Assignment => Every record must be output verbatim in the reply.
--*--
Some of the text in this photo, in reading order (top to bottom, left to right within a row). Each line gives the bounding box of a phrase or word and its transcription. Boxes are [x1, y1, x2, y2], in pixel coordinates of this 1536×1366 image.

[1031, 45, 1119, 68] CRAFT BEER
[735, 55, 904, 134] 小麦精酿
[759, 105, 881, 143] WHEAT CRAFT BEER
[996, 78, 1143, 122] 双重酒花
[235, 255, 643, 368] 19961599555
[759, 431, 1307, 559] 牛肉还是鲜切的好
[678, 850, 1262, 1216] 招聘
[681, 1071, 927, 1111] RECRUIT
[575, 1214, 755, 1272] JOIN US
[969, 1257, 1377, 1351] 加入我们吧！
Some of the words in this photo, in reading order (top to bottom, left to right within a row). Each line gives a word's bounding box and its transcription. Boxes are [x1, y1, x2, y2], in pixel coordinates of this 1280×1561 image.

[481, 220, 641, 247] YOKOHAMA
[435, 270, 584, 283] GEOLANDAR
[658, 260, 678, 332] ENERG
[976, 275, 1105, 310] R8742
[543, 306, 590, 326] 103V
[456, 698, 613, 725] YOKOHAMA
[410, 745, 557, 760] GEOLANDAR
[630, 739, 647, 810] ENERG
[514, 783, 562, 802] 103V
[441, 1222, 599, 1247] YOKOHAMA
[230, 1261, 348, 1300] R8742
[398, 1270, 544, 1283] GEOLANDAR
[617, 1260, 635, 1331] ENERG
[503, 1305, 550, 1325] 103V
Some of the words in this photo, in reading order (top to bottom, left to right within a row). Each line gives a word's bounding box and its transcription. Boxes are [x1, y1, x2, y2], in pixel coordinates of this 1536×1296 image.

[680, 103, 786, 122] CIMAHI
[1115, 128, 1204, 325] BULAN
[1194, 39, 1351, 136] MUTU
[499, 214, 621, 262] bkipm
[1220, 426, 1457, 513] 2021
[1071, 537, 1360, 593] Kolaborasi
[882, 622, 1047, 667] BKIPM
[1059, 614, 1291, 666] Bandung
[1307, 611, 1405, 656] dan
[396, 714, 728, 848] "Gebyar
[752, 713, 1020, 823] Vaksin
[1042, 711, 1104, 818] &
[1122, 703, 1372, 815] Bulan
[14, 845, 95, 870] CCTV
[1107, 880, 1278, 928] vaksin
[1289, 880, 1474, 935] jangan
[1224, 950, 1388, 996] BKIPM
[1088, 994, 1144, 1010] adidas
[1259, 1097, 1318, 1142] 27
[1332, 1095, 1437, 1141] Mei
--*--
Answer to this problem =>
Some of the text in this photo, in reading order (top to bottom, left to right within a row). Each line gives the bounding box of a phrase or word and its transcription. Boxes are [x1, y1, x2, y2], in pixel coordinates of this 1536×1366 image.

[1031, 45, 1119, 68] CRAFT BEER
[735, 55, 904, 134] 小麦精酿
[759, 105, 881, 143] WHEAT CRAFT BEER
[996, 78, 1143, 122] 双重酒花
[235, 255, 643, 368] 19961599555
[759, 431, 1307, 559] 牛肉还是鲜切的好
[678, 850, 1262, 1216] 招聘
[681, 1071, 927, 1111] RECRUIT
[575, 1214, 755, 1272] JOIN US
[969, 1257, 1377, 1351] 加入我们吧！
Some of the words in this photo, in reading order (top to bottom, left to right within a row). Each line gives a word's bounding box and its transcription. Boxes are [x1, y1, x2, y2], in pixel coordinates of this 1280×1561 image.

[481, 220, 641, 247] YOKOHAMA
[435, 270, 584, 283] GEOLANDAR
[658, 260, 678, 332] ENERG
[976, 275, 1105, 310] R8742
[543, 306, 590, 326] 103V
[456, 698, 613, 725] YOKOHAMA
[410, 745, 557, 760] GEOLANDAR
[630, 739, 647, 810] ENERG
[514, 783, 562, 802] 103V
[441, 1222, 599, 1247] YOKOHAMA
[230, 1261, 348, 1300] R8742
[398, 1270, 544, 1283] GEOLANDAR
[617, 1260, 635, 1331] ENERG
[503, 1305, 550, 1325] 103V
Some of the words in this photo, in reading order (top to bottom, left to right within a row). Each line gives a word's bounding box and its transcription. Boxes are [x1, y1, x2, y2], in pixel coordinates of this 1536×1296 image.

[680, 103, 786, 122] CIMAHI
[1115, 128, 1204, 325] BULAN
[1194, 39, 1351, 136] MUTU
[499, 214, 621, 262] bkipm
[1220, 426, 1457, 513] 2021
[1071, 537, 1360, 593] Kolaborasi
[882, 622, 1047, 667] BKIPM
[1059, 614, 1291, 666] Bandung
[1307, 611, 1405, 656] dan
[396, 714, 728, 848] "Gebyar
[752, 713, 1020, 823] Vaksin
[1042, 711, 1104, 818] &
[1122, 703, 1372, 815] Bulan
[14, 845, 95, 870] CCTV
[1107, 880, 1278, 928] vaksin
[1289, 880, 1474, 935] jangan
[1224, 950, 1388, 996] BKIPM
[1088, 994, 1144, 1010] adidas
[1259, 1097, 1318, 1142] 27
[1332, 1095, 1437, 1141] Mei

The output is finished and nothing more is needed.